Despite opposition from the lay “stewards,” the bishops on the board voted in December to send an $8 million payment to the Holy See. In January, the documents reveal, lay members raised alarm about what they consider a gross misuse of their funds, but despite their protests another $5 million was sent with Cardinal Wuerl brooking no dissent.

On January 6, the steward who until then served as chairman of the Foundation’s audit committee submitted his resignation along with a report of the committee’s grave objections to the grant.

“As head of the Audit Committee and a Trustee of the Foundation, I found this grant to be negligent in character, flawed in its diligence, and contrary to the spirit of the Foundation,” he wrote in his resignation letter accompanying the report. “Instead of helping the poor in a third-world country, the Board approved an unprecedented huge grant to a hospital that has a history of mismanagement, criminal indictments, and bankruptcy.”

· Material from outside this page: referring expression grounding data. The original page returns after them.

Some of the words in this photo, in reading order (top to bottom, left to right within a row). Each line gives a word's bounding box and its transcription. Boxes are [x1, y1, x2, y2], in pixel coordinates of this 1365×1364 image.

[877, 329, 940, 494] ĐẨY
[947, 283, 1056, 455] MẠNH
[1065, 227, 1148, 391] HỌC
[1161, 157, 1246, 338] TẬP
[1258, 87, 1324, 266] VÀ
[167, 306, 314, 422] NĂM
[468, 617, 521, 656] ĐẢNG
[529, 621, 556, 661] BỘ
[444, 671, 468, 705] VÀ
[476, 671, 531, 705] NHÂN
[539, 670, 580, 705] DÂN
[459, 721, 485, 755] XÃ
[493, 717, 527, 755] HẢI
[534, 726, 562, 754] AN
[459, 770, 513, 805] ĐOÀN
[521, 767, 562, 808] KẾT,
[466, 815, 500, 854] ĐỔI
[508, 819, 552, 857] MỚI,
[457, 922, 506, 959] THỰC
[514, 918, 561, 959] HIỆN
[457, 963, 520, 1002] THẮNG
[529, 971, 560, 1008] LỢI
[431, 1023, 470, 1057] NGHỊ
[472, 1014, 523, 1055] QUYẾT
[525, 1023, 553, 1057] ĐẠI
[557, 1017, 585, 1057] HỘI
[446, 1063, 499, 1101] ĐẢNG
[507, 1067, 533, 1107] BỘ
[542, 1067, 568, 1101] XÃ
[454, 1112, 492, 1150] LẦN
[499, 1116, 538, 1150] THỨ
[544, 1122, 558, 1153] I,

“Had we allowed such recklessness in our personal careers we would never have met the requirements to join The Papal Foundation in the first place.”

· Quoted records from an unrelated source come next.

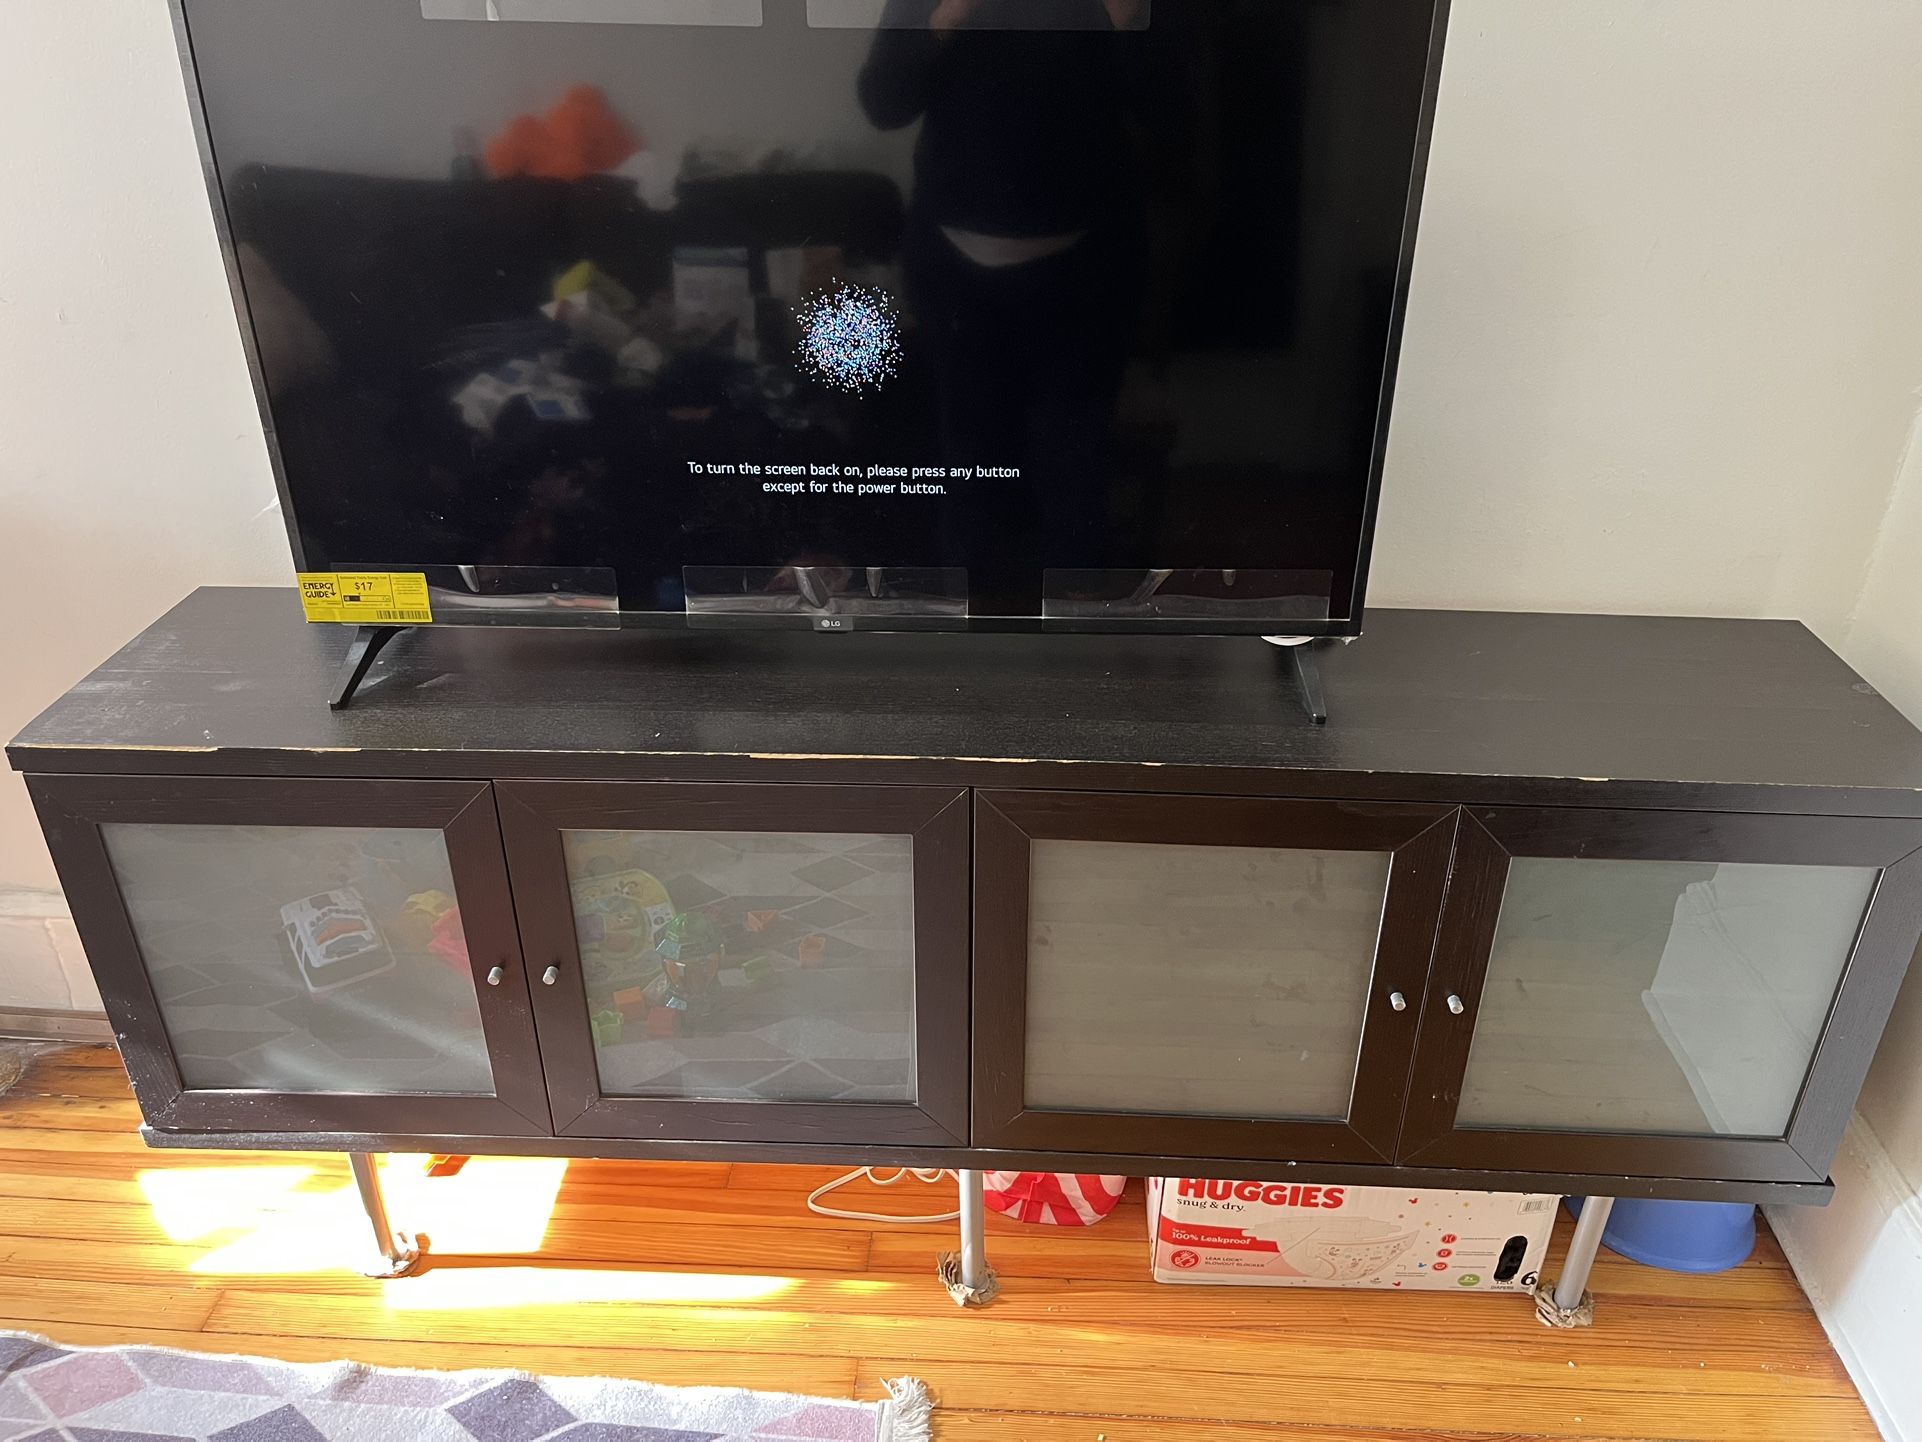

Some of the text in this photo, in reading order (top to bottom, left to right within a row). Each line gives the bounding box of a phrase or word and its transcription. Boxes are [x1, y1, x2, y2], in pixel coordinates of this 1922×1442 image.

[687, 462, 1020, 480] To turn the screen back on, please press any button
[762, 481, 947, 496] except for the power button.
[303, 582, 334, 591] ENERGY
[354, 582, 373, 591] $17
[305, 591, 330, 599] GUIDE
[1178, 1178, 1345, 1209] HUGGIES
[1177, 1199, 1207, 1209] snug
[1209, 1201, 1219, 1209] &
[1172, 1231, 1251, 1245] 100% Leakproof
[1521, 1271, 1538, 1286] 6

Here is a link to one of the three leaked documents published by LifeSite. It’s a report from the Audit Committee of the Papal Foundation, and it’s a doozy. It says that all the bishops on the foundation board voted as a bloc to fund Pope Francis’s request to bail out the corrupt hospital, and that Cardinal Wuerl strongarmed it through. The Audit Committee said this grant was so unjustified, and so reckless, that the Papal Foundation would have trouble recruiting future donors.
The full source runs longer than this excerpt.